Dancing Dinosaur Footprints Found In Arizona

on October 25, 2008

BBC News: “Rock Records Dino ‘Dance Floor’” Out come the dinosaurs and down comes the disco ball—a lively social scene from 190 million years ago?

More than 1,000 dinosaur footprints found on a rock in Vermillion Cliffs National Monument (on the border of Arizona and Utah) have scientists making dance jokes galore. “Get out there and try stepping in their footsteps, and you feel like you are playing the game Dance Dance Revolution that teenagers dance on,” cracks the University of Utah’s Marjorie Chan.

The footprints are from at least four different dinosaur species and are from both adults and juveniles.

Publishing in the journal PALAIOS, Chan’s team reports on the odd site, which covers just under an acre (0.3 ha). The footprints are from at least four different dinosaur species and are from both adults and juveniles. There are also the marks of dinosaur tails dragging along the ground. (See photos of the site hosted by National Geographic News and http://www.livescience.com/php/multimedia/imagedisplay/img_display.php?pic=081020-eubrontes-print-02.jpg .)

The scientists believe the sandstone site may have been near an ancient watering hole among sand dunes, all of which was buried by the shifting sand 190 million years ago.

So—is that all?

It’s interesting to read how news organizations frequently pass off such news as this “dinosaur dance floor” find unchallenged.
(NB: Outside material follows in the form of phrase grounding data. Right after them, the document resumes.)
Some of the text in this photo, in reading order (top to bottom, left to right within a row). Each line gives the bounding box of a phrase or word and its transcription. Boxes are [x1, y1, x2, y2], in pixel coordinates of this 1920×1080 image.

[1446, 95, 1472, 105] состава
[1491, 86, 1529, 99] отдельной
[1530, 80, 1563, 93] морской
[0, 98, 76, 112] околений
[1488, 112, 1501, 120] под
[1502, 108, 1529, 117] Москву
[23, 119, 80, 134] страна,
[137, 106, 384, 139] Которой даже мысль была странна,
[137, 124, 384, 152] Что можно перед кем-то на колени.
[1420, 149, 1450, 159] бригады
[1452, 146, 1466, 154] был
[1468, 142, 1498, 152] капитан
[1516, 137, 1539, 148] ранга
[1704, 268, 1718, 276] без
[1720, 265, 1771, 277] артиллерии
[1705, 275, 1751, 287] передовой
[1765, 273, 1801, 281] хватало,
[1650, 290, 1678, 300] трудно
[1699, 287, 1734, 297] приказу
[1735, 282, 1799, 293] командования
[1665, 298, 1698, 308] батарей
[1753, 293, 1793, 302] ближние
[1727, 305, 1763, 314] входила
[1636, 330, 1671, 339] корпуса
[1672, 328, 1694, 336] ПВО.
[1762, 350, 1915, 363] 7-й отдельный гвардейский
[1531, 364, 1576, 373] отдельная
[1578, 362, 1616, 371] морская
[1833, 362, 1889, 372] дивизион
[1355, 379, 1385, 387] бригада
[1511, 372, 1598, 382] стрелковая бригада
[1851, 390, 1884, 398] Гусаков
But the National Geographic News’s coverage reminds us how much interpretation goes into science.

Whereas other news sources plainly state the discovery of dinosaur footprints as a scientific fact, National Geographic News’s Rebecca Carroll quotes dissenting paleontologists Alan Titus and Andrew Milner. “I’ve observed thousands of tracks [of one of the dinosaurs the team identified] in early Jurassic rocks of the Colorado Plateau and have never seen one that looked like the one in the news release,” said Titus.

According to Milner, “What they’re showing here look nothing like [the tracks of one of the dinosaur species] in my opinion.”

And paleontologist Jim Kirkland, who accepts that the footprints were made by dinosaurs, nevertheless said he is “leery” about the identification of tail-dragging marks.

Now, these may all turn out to be dinosaur tracks and marks indeed; our point is just that the news media is usually quick to hype the findings of one science team (which has an incentive to make its discovery as impressive-sounding as possible) and present it all as science fact. Bible believers should keep this in mind when it comes to any sort of news, and especially science news.

As for the tracks, they certainly could be legitimate dinosaur tracks (some especially have a clear pattern of toes), despite other scientists’ skepticism. Our rhetorical question is, if they are footprints (and tail prints), how likely is it that they would be preserved (as sandstone) without the catastrophic forces of water and high pressures, such as the Genesis Flood?